Measles in the Philippines
Measles, a highly contagious disease brought about by rubeola virus, continues to be a worldwide concern not only among children but among adults as well despite its high preventability thru vaccination.
And from the months of January to March of this year(2011),there have been more than 2,000 cases of measles have been documented by the National Epidemiology Center of the DOH (Department of Health). With this, our government launched “Iligtas sa Tigdas ang Pilipinas”, a nationwide door-to-door measles immunization campaign to reduce the number of susceptible individuals.
A descriptive study done at San Lazaro Hospital presented in the 8th Western Pacific Congress on Chemotherapy and Infectious Diseases revealed that adults present the same clinical manifestations (rash and fever) as in children. However, the complications are more serious among adults like, pneumonia and acute gastroenteritis.

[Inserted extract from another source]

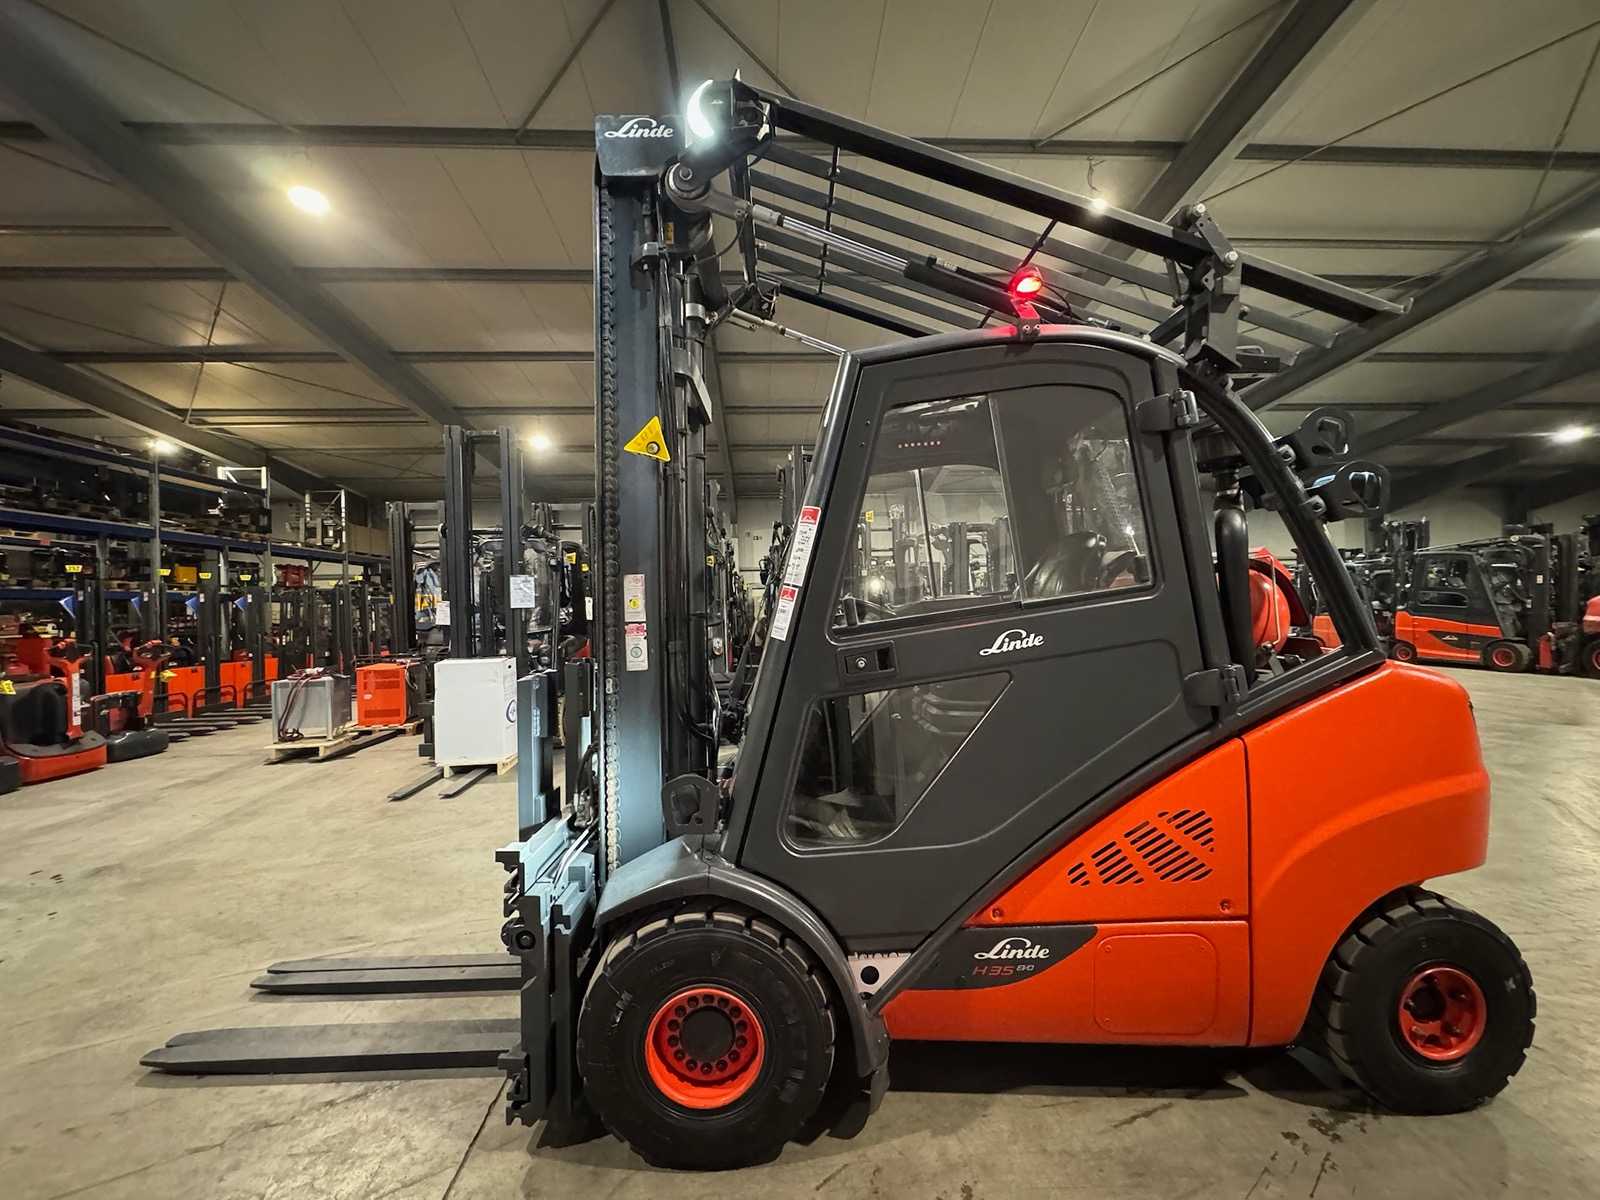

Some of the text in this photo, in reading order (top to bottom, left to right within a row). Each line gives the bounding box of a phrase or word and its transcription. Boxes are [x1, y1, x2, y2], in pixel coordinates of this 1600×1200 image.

[604, 117, 674, 138] Linde
[979, 629, 1045, 656] Linde
[973, 937, 1050, 960] Linde

Treatment of measles is largely supported by controlling of fever thru analgesics and in some cases, antibiotics which are being used only when the doctor has noted pneumonia to the patient. Home remedies like increasing oral fluid intake, use of humidifiers to relieve breathing discomfort associated with cough/ sore throat, eye care practices (avoid reading and watching television) and isolation will contribute a lot towards early recovery. It is very important to note that considering the fact that measles is most contagious four (4) days before and after the onset of the rashes, it will be best for affected individuals to avoid activities that will require interaction with others during this period.
But the best practice when it comes to measles, as in any contagious disease, is to get vaccinated. According to World Health Organization (WHO), efforts of vaccination between 2000 and 2007 have decreased measles-related death by 74% worldwide. If you have had measles before, your body has built up immune defenses against the virus and can’t get measles again. However, if you:
- were born in 1957 or later (especially those living outside the U.S.) without any evidence of immunity or documentation of a dose given on or after the 1st birthday;
- belong to a high risk group (healthcare workers, students entering college, international travelers);
- are a woman of childbearing age with no acceptable evidence of immunity or vaccination…
- Visit your nearest healthcare provider and get vaccinated. Remember, vaccine saves lives!